▶ **Brief**: Extract every record, exactly as written, and ignore the pictures.

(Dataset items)
________________

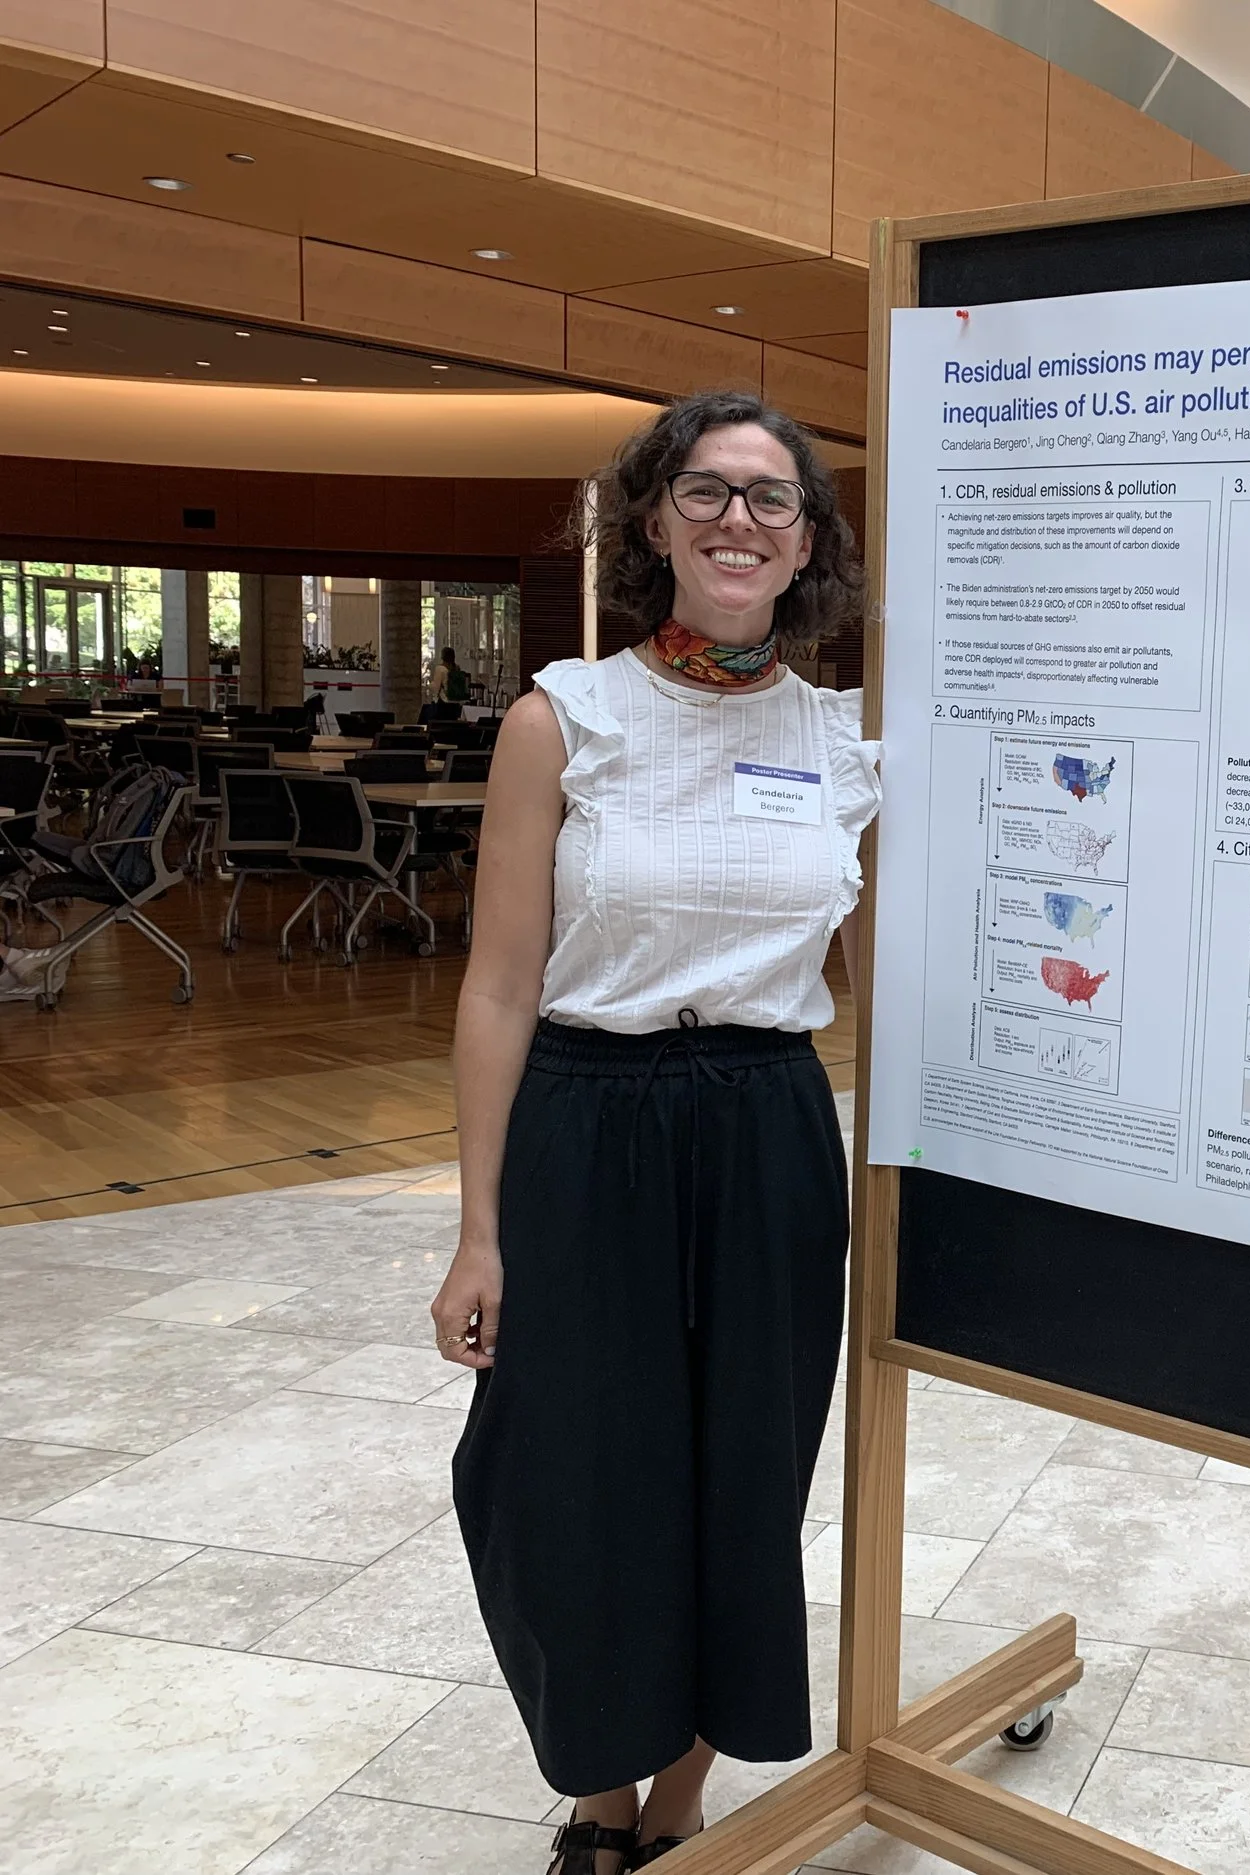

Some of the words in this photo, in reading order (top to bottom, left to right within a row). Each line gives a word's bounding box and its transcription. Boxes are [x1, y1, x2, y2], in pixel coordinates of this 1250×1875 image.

[944, 355, 1032, 384] Residual
[1038, 349, 1146, 378] emissions
[1154, 349, 1204, 375] may
[943, 396, 1058, 429] inequalities
[1065, 393, 1086, 418] of
[1092, 390, 1136, 417] U.S.
[1144, 389, 1175, 414] air
[941, 438, 992, 451] Candelaria
[1035, 435, 1055, 450] Jing
[1096, 432, 1126, 447] Qiang
[1171, 429, 1198, 445] Yang
[940, 484, 951, 499] 1.
[955, 484, 988, 501] CDR,
[992, 482, 1037, 499] residual
[1040, 481, 1101, 498] emissions
[1104, 480, 1114, 496] &
[1117, 479, 1177, 499] pollution
[1234, 478, 1247, 493] 3.
[947, 512, 983, 524] Achieving
[983, 513, 1012, 522] net-zero
[1012, 512, 1045, 521] emissions
[1046, 511, 1071, 523] targets
[1071, 512, 1103, 522] improves
[1104, 510, 1115, 520] air
[1115, 510, 1143, 521] quality,
[1144, 509, 1158, 519] but
[1159, 509, 1173, 519] the
[934, 703, 946, 718] 2.
[949, 704, 1014, 726] Quantifying
[1050, 711, 1096, 729] impacts
[751, 767, 773, 775] Poster
[773, 770, 805, 780] Presenter
[751, 787, 804, 801] Candelaria
[760, 801, 795, 814] Bergero
[1216, 840, 1230, 857] 4.
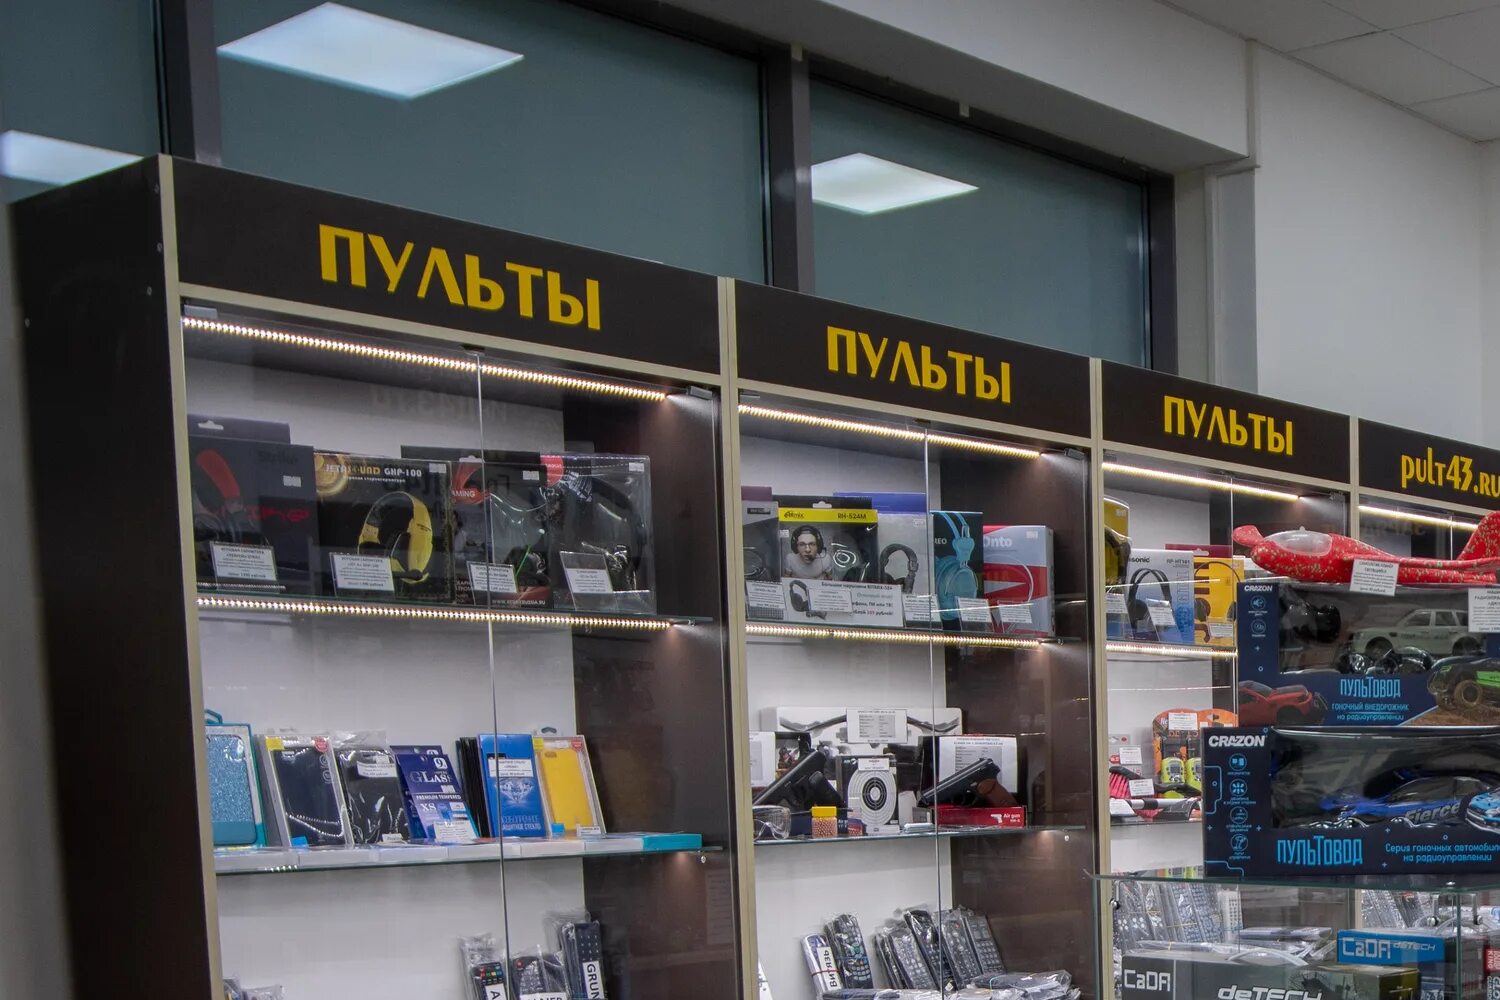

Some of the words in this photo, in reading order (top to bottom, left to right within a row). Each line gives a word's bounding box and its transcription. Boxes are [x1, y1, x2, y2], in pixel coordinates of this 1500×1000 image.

[318, 223, 601, 331] ПУЛЬТЫ
[826, 325, 1011, 404] ПУЛЬТЫ
[1163, 395, 1293, 456] ПУЛЬТЫ
[452, 490, 475, 498] AMING
[1208, 735, 1266, 747] CRAZON
[1385, 842, 1411, 853] Серия
[1412, 844, 1452, 852] гоночных
[1403, 854, 1415, 862] на
[1416, 853, 1493, 864] радиоуправлении
[1124, 969, 1171, 992] CaDA
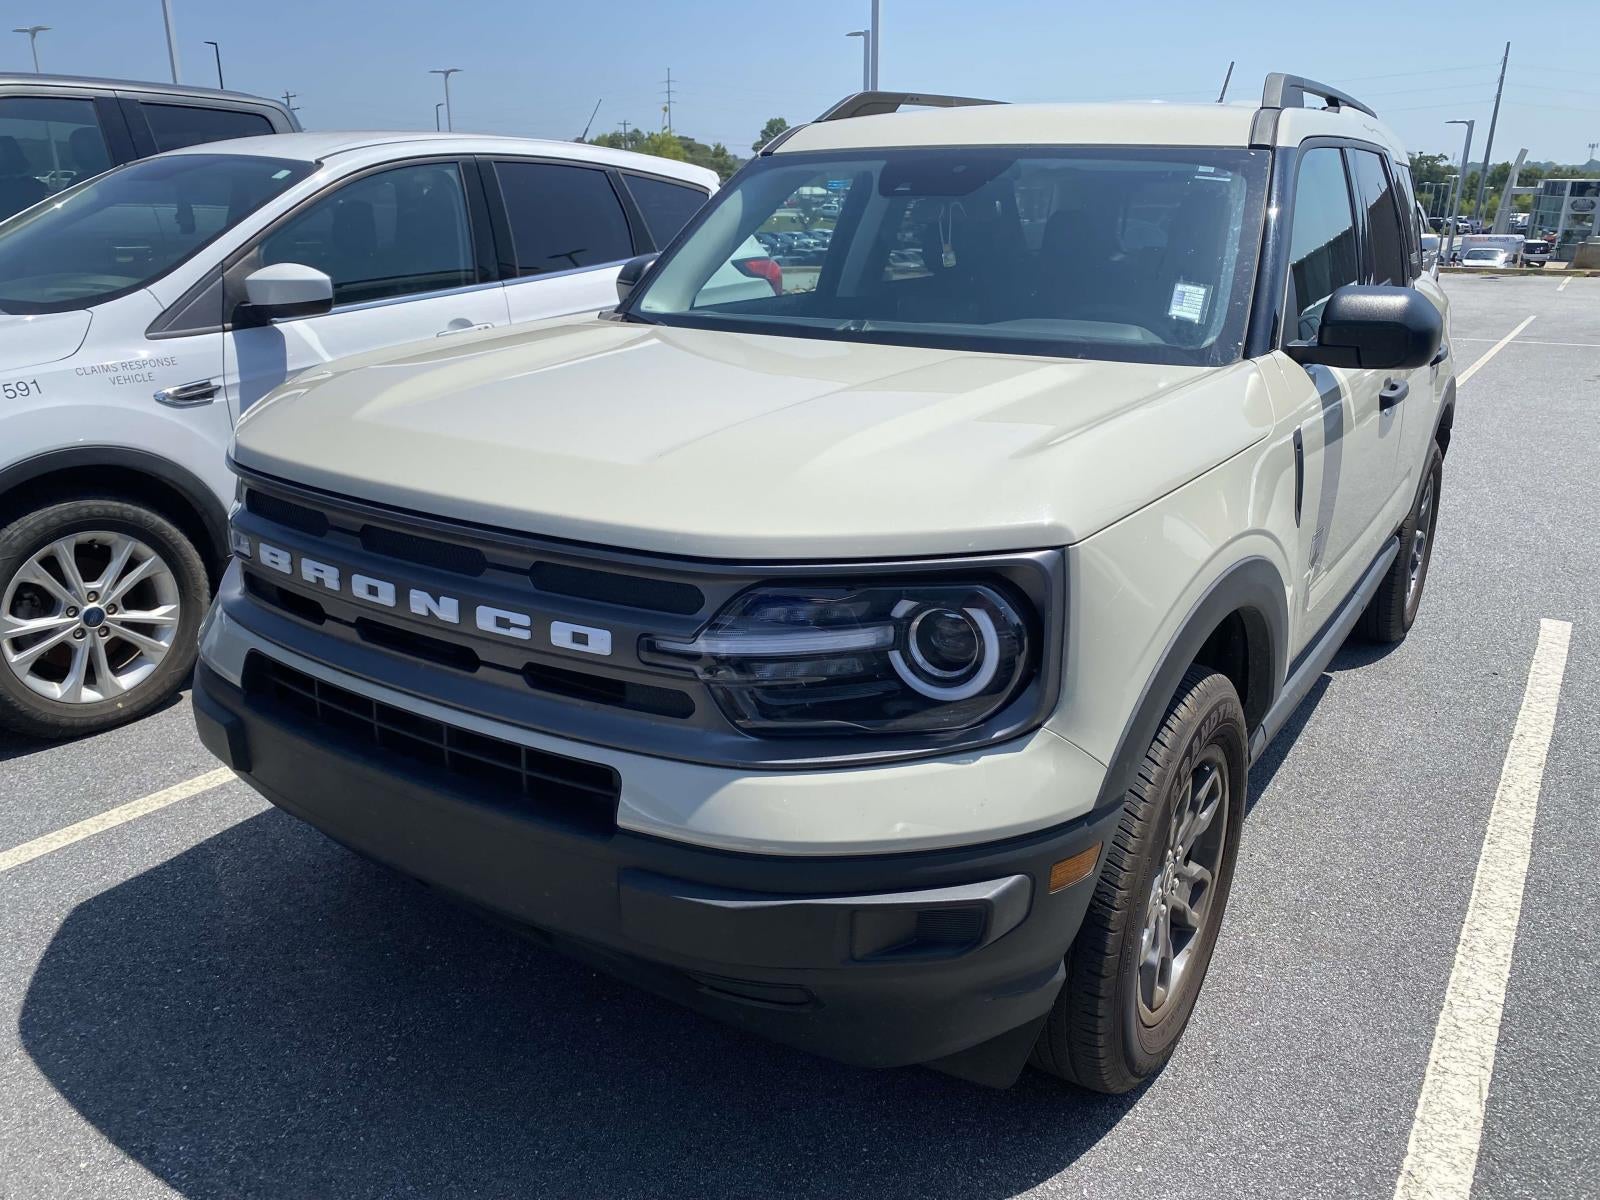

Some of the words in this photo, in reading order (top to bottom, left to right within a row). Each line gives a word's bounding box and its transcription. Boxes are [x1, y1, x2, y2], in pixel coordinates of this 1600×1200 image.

________________

▶ **Output for this task**:
Some of the words in this photo, in reading order (top to bottom, left to right within a row). Each line gives a word's bounding box and its transcription. Boxes are [x1, y1, x2, y2], in pixel coordinates of this 1250×1875 image.

[944, 355, 1032, 384] Residual
[1038, 349, 1146, 378] emissions
[1154, 349, 1204, 375] may
[943, 396, 1058, 429] inequalities
[1065, 393, 1086, 418] of
[1092, 390, 1136, 417] U.S.
[1144, 389, 1175, 414] air
[941, 438, 992, 451] Candelaria
[1035, 435, 1055, 450] Jing
[1096, 432, 1126, 447] Qiang
[1171, 429, 1198, 445] Yang
[940, 484, 951, 499] 1.
[955, 484, 988, 501] CDR,
[992, 482, 1037, 499] residual
[1040, 481, 1101, 498] emissions
[1104, 480, 1114, 496] &
[1117, 479, 1177, 499] pollution
[1234, 478, 1247, 493] 3.
[947, 512, 983, 524] Achieving
[983, 513, 1012, 522] net-zero
[1012, 512, 1045, 521] emissions
[1046, 511, 1071, 523] targets
[1071, 512, 1103, 522] improves
[1104, 510, 1115, 520] air
[1115, 510, 1143, 521] quality,
[1144, 509, 1158, 519] but
[1159, 509, 1173, 519] the
[934, 703, 946, 718] 2.
[949, 704, 1014, 726] Quantifying
[1050, 711, 1096, 729] impacts
[751, 767, 773, 775] Poster
[773, 770, 805, 780] Presenter
[751, 787, 804, 801] Candelaria
[760, 801, 795, 814] Bergero
[1216, 840, 1230, 857] 4.

Some of the words in this photo, in reading order (top to bottom, left to right within a row). Each line gives a word's bounding box and its transcription. Boxes are [x1, y1, x2, y2], in pixel coordinates of this 1500×1000 image.

[318, 223, 601, 331] ПУЛЬТЫ
[826, 325, 1011, 404] ПУЛЬТЫ
[1163, 395, 1293, 456] ПУЛЬТЫ
[452, 490, 475, 498] AMING
[1208, 735, 1266, 747] CRAZON
[1385, 842, 1411, 853] Серия
[1412, 844, 1452, 852] гоночных
[1403, 854, 1415, 862] на
[1416, 853, 1493, 864] радиоуправлении
[1124, 969, 1171, 992] CaDA

Some of the words in this photo, in reading order (top to bottom, left to right within a row). Each line gives a word's bounding box and its transcription. Boxes are [x1, y1, x2, y2], in pixel coordinates of this 1600×1200 image.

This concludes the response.